The proud rigour of association with pressing service alone, with absolutely nothing else, the bare commodious house, so otherwise known to me of old and now — like most of our hostels, if I am not mistaken, the most unconditioned of loans from its relinquishing owner — the lingering look of ancient peace in the precincts, an element I had already, as I passed and repassed at the afternoon hour, found somehow not at all dispelled by the presence in the central green garden itself of sundry maimed and hobbling and smiling convalescents from an extemporised small hospital close at hand, their battered khaki replaced by a like uniformity of the loose light blue, and friendly talk with them through the rails of their enclosure as blest to one participant at least as friendly talk with them always and everywhere is: such were the hovering elements of an impression in which the mind had yet mainly to yield to that haunting force on the part of our waiting proscripts which never consents to be long denied. The proof of which universally recognised power of their spell amid us is indeed that they have led me so far with a whole side of my plea for them still unspoken. This, however, I hope on another occasion to come back to; and I am caught meanwhile by my memory of how the note of this conviction was struck for me, with extraordinary force, many months ago and in the first flush of recognition of what the fate that had overtaken our earliest tides of arrival and appeal really meant — meant so that all fuller acquaintance, since pursued, has but piled one congruous reality after another upon the horror.

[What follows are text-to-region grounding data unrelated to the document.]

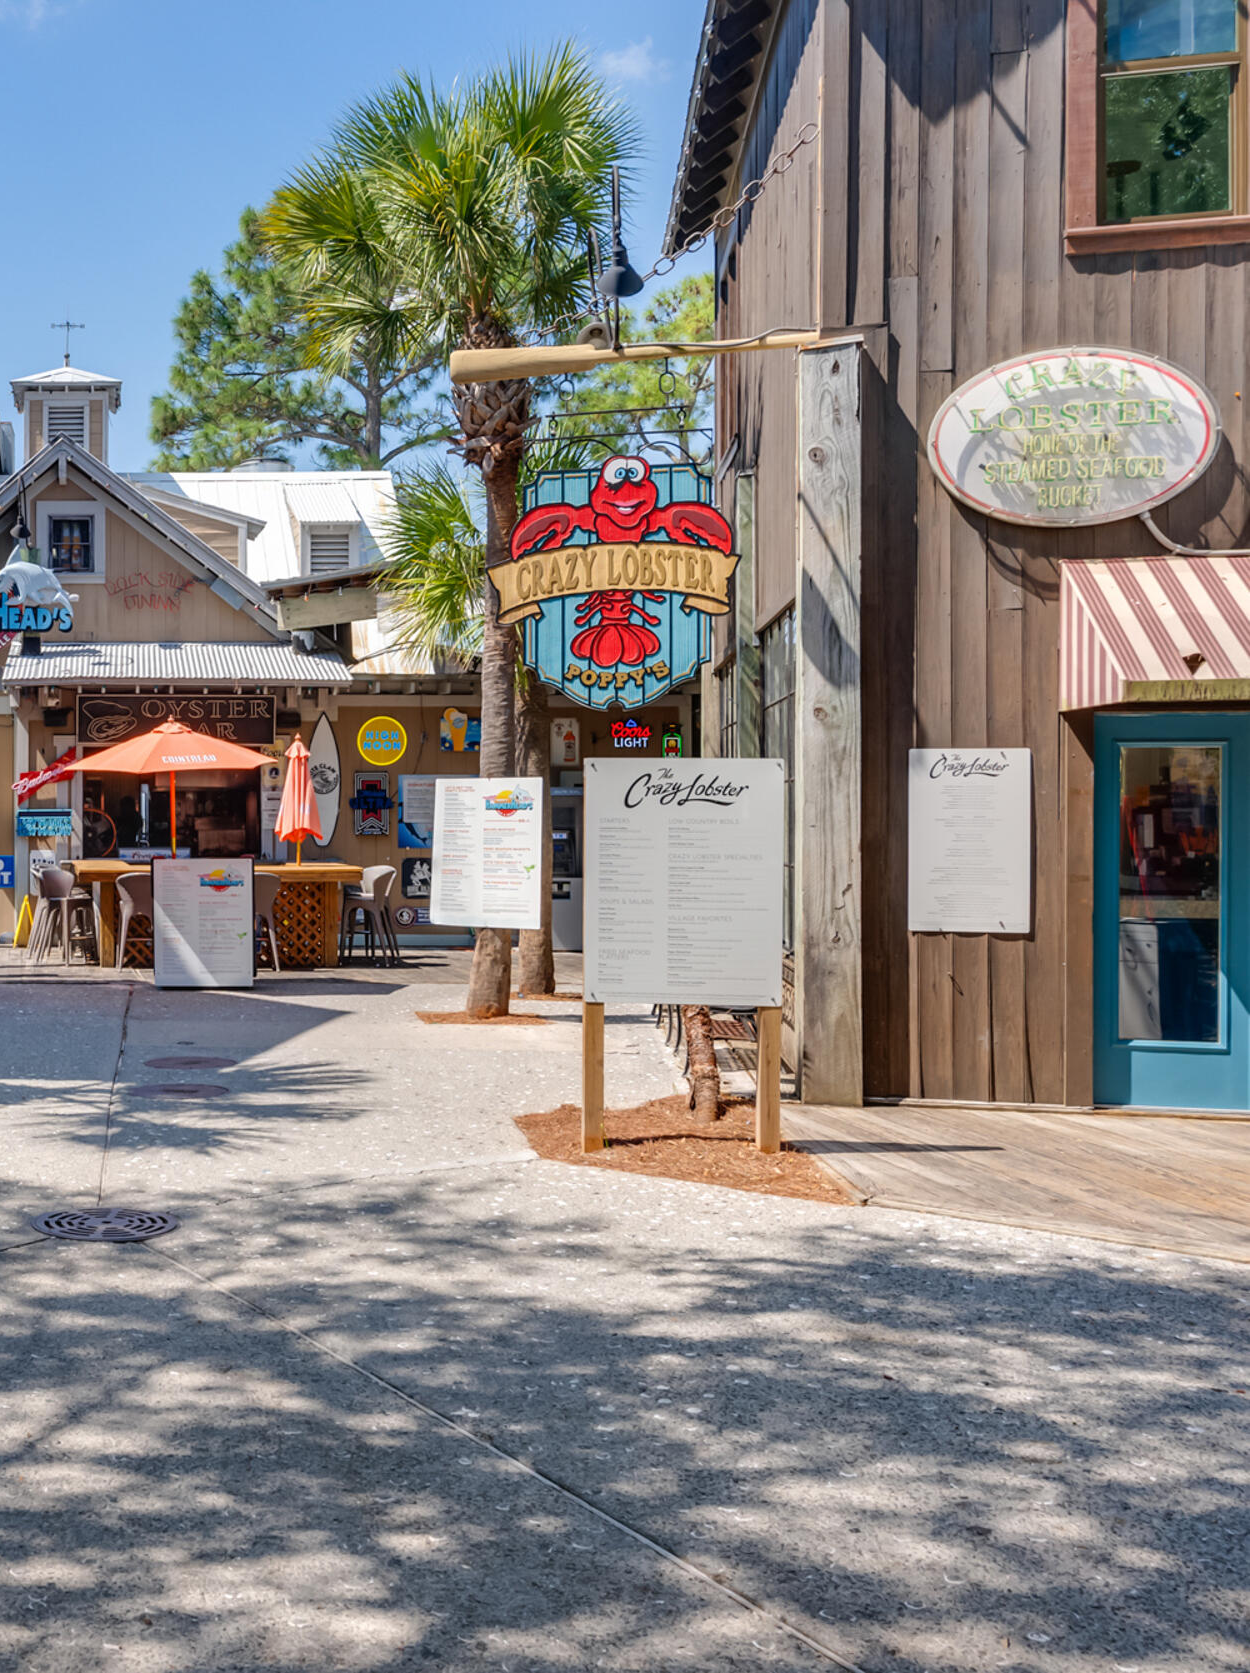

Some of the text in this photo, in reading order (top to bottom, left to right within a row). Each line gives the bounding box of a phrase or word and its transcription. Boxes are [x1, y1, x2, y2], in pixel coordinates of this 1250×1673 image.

[1005, 358, 1142, 400] CRAZY
[969, 398, 1179, 434] LOBSTER
[1023, 432, 1120, 456] HOME OF THE
[983, 455, 1167, 486] STEAMED SEAFOOD
[1038, 484, 1103, 509] BUCKET
[516, 548, 716, 600] CRAZY LOBSTER
[564, 660, 671, 689] POPPY'S
[140, 699, 271, 719] OYSTER
[365, 730, 399, 740] HIGH
[610, 721, 653, 738] Coors
[363, 741, 402, 751] NOON
[613, 737, 649, 748] LIGHT
[658, 767, 674, 781] The
[930, 756, 1010, 780] Crazy Lobster
[624, 772, 750, 809] Crazy Lobster

It was in September, in a tiny Sussex town which I had not quitted since the outbreak of the war, and where the advent of our first handful of fugitives before the warning of Louvain and Aerschoot and Termonde and Dinant had just been announced. Our small hill-top city, covering the steep sides of the compact pedestal crowned by its great church, had reserved a refuge at its highest point; and we had waited all day, from occasional train to train, for the moment at which we should attest our hospitality. It came at last, but late in the evening, when a vague outside rumour called me to my doorstep, where the unforgettable impression at once assaulted me. Up the precipitous little street that led from the station, over the old grass-grown cobbles where vehicles rarely pass, came the panting procession of the homeless and their comforting, their almost clinging entertainers, who seemed to hurry them on as in a sort of overflow of expression of the fever of charity. It was swift and eager, in the autumn darkness and under the flare of a single lamp — with no vociferation and, but for a woman’s voice, scarce a sound save the shuffle of mounting feet and the thick-drawn breath of emotion. The note I except, however, was that of a young mother carrying her small child and surrounded by those who bore her on and on, almost lifting her as they went together. The resonance through our immemorial old street of her sobbing and sobbing cry was the voice itself of history; it brought home to me more things than I could then quite take the measure of, and these just because it expressed for her not direct anguish, but the incredibility, as who should say, of honest assured protection. Months have elapsed, and from having been then one of a few hundred she is now one of scores and scores of thousands: yet her cry is still in my ears, whether to speak most of what she had lately or of what she actually felt; and it plays, to my own sense, as a great fitful, tragic light over the dark exposure of her people.